IPOs dominated the landscape in 2014 and one bank led from the front, regularly printing several deals in a week, while simultaneously making the UK its home. JP Morgan is IFR’s EMEA Equity House of the Year.
In a year when the IPO market surged to levels last seen in 2007, JP Morgan was king. The US bank left rivals in its wake, launching 38 IPOs in EMEA during the IFR Awards period versus the nearest tally of 27 listings by Deutsche Bank. They were not punts either, as JP Morgan priced 34 transactions.
More significantly, JP Morgan was in the driving seat. The global co-ordinator role grew in importance in 2014 as issuers acknowledged that syndicates swollen with multiple bookrunners were unwieldy and hindered success, but declined to demote their lenders.
The subjugation of bookrunners took some senior bankers by surprise, but not the top US banks familiar with a similar development in their home market.
JP Morgan was a global co-ordinator on 29 of its successful IPOs. Goldman Sachs was the only other bank to execute 85% of its IPOs with a top line role, but could not compete on volume with 17 GC deals, still the second highest in the region.
Well anchored
Sizeable and complex, listing stock exchange group Euronext involved floating an entity that did not previously exist and required co-operation with regulators in several countries and multiple ministries of finance. Getting a large group of European financial institutions to commit to buy a third of the company for nearly €450m with a three-year lock-up as cornerstone investors was not only impressive but also set the tone.
Cornerstone and anchor investments were increasingly important for generating momentum on IPOs, and in the second half were often critical for success. The latter was especially true for German property company TLG Immobilien’s €375m IPO and the revival of Swiss biopharma Molecular Partners’ briefly cancelled deal, where JP Morgan was sole global co-ordinator. Both deals came in the exceptionally challenging period in late October/early November when markets and confidence had been decimated.

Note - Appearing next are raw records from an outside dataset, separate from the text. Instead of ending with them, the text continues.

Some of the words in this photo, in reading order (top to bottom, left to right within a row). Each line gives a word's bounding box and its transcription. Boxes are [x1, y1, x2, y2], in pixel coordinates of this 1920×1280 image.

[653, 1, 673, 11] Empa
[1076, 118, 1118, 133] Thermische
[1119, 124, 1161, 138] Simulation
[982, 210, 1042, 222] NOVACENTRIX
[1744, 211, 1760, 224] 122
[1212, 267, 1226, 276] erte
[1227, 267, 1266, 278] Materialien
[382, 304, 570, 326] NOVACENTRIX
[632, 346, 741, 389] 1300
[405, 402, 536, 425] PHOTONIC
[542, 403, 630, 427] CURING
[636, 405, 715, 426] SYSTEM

Just a few weeks earlier, a handful of cornerstones bought more than 40% of internet incubator Rocket Internet’s €1.4bn Frankfurt entry standard listing. Getting committed backers for a high-growth/high-risk proposition – especially an incubator that is so difficult to value – was necessary to draw the backing of generalist investors needed for a float of that size.
The bank’s IPO roster was not just longer than everyone else’s, it was on the top line for the largest corporate IPO of €1.77bn when ING listed insurer NN Group, and for the Dh5.8bn (US$1.58bn) float of Emaar Malls Group. By pricing EMG at the top of the range and drawing demand of more than US$40bn, this single deal has reignited the Gulf region with a pipeline rapidly building for 2015 and beyond.
Anglophile
It is hard to ignore the bank’s market share in the UK, with the wisdom of the Cazenove acquisition growing clearer each year.

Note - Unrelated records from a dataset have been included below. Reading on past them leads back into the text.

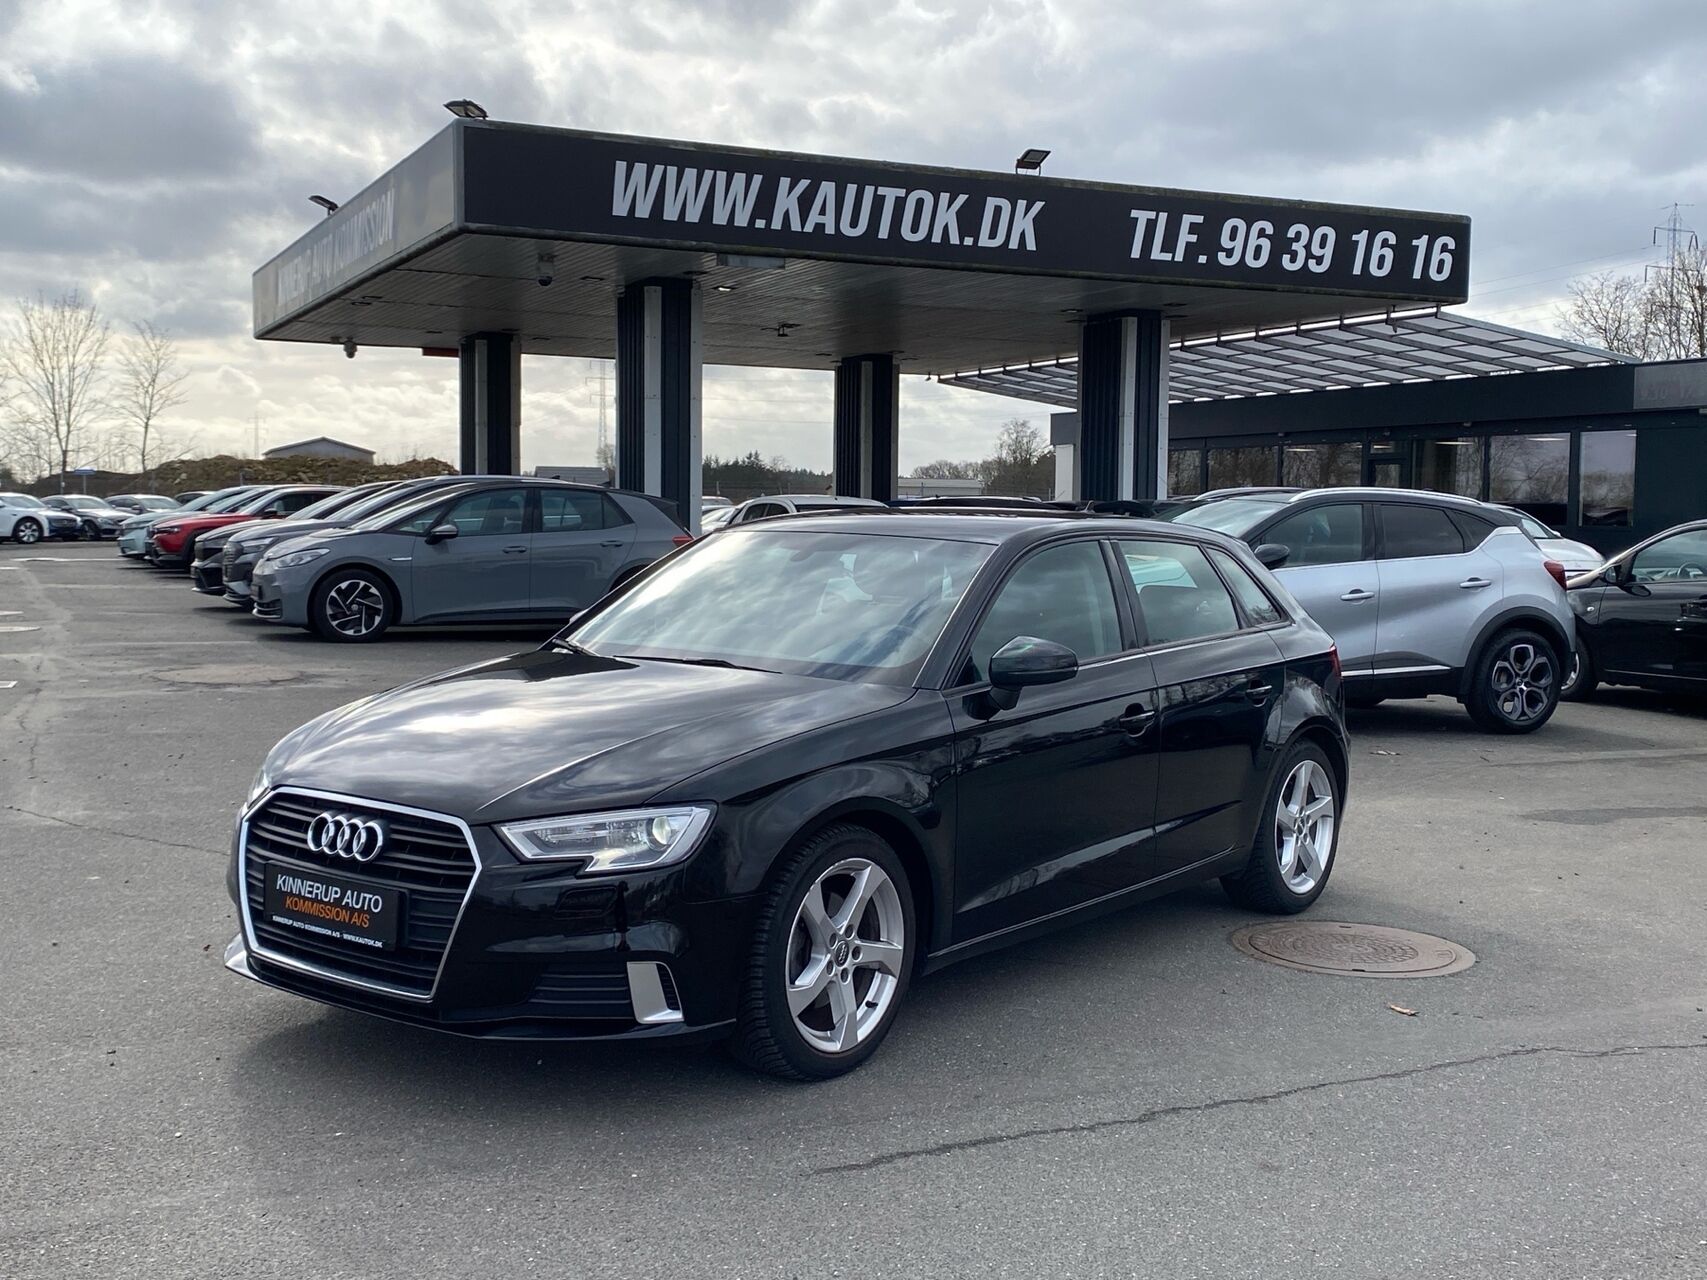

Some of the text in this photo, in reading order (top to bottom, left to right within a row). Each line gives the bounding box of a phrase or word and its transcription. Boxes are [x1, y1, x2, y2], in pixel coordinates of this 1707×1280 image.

[612, 160, 1045, 251] WWW.KAUTOK.DK
[1130, 209, 1456, 281] TLF. 96 39 16 16
[276, 874, 382, 913] KINNERUP AUTO
[286, 896, 370, 928] KOMMISSION A/S
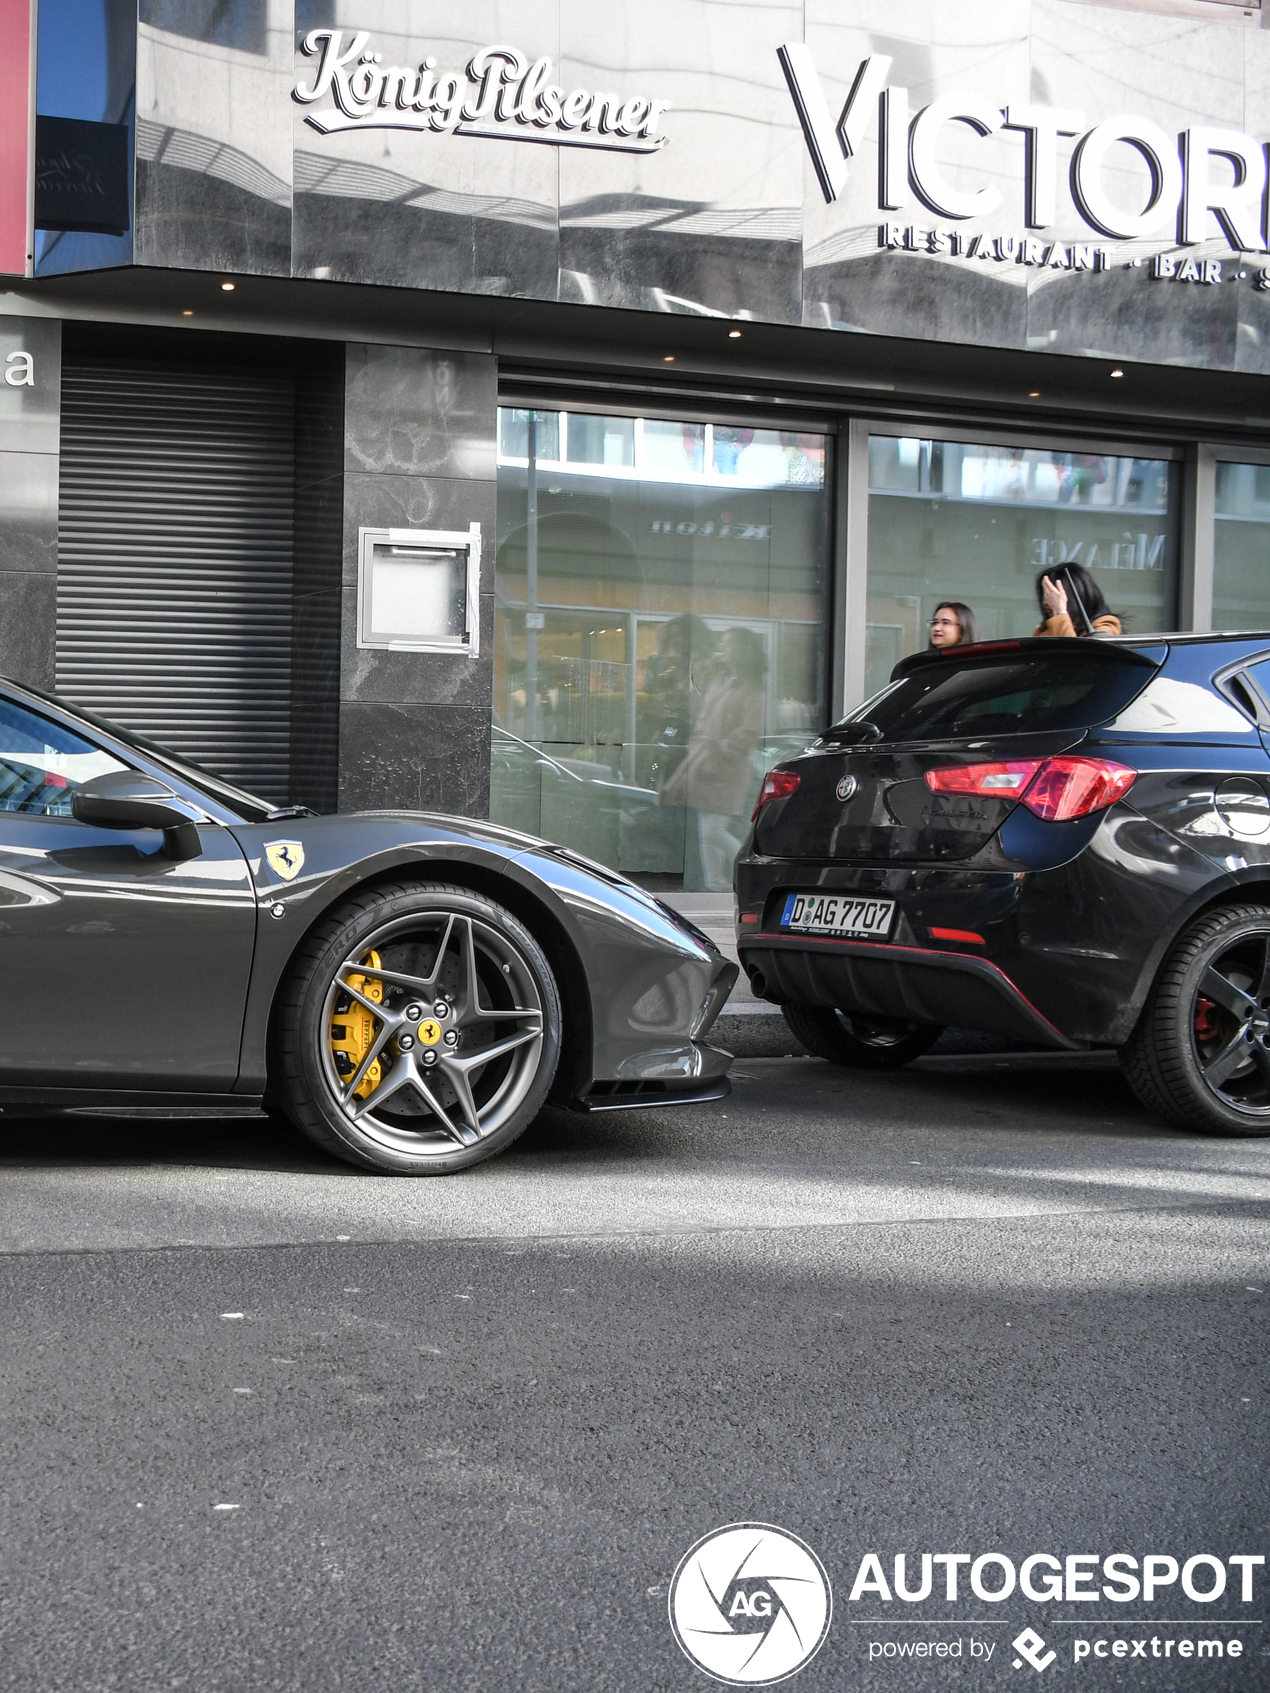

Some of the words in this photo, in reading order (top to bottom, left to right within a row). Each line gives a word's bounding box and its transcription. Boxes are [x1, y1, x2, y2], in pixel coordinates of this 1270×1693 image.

[291, 28, 468, 133] König
[460, 45, 673, 139] Pilsener
[776, 42, 1270, 254] VICTOR
[878, 220, 1115, 273] RESTAURANT
[1154, 253, 1222, 284] BAR
[791, 898, 805, 923] D
[812, 899, 838, 925] AG
[840, 900, 891, 930] 7707

The bank was again chosen by the UK government to lead a sale of Lloyds Banking Group, which at £4.2bn is the largest-ever accelerated bookbuild in Europe, and was then hired by Lloyds to lead the £500m IPO of TSB.
In the IFR Awards period the bank clocked up 47 trades across all products, claiming a 15.2% market share in the UK.
Just Eat’s £360.1m IPO in April was one example that was heavily oversubscribed and upsized, only for the restaurant aggregator to fall in the aftermarket and be tarred a failure. Yet by the end of the IFR Award year its shares were up 21%. Spire Healthcare was up a stunning 52%.
There were some failures too, with four deals cancelled after beginning bookbuilding and eDreams Odigeo falling 85% from its IPO price after disappointing with its first set of numbers after floating and then falling out with British Airways and Iberia. Considering the depth of JP Morgan’s pipeline, however, missteps were inevitable but kept to a minimum.
JP Morgan, led by Klaus Hessberger and Achintya Mangla, has also made great strides in equity-linked, ranking third during the period and completing 16 deals. These included US$1bn of paper for DP World, innovation on Telefonica’s exchangeable into Telecom Italia, a dual tranche for Qiagen alongside a call-spread and tender, zero-coupon pricings for Unibail-Rodamco and STMicroelectronics, and a tap for Grand City Properties.
Being so busy, there were some weeks where JP Morgan wasn’t just in the flow, it was the flow. In one week it priced four IPOs, three rights issues, one dual tranche CB and an ABB. The syndicate desk deserves its own award.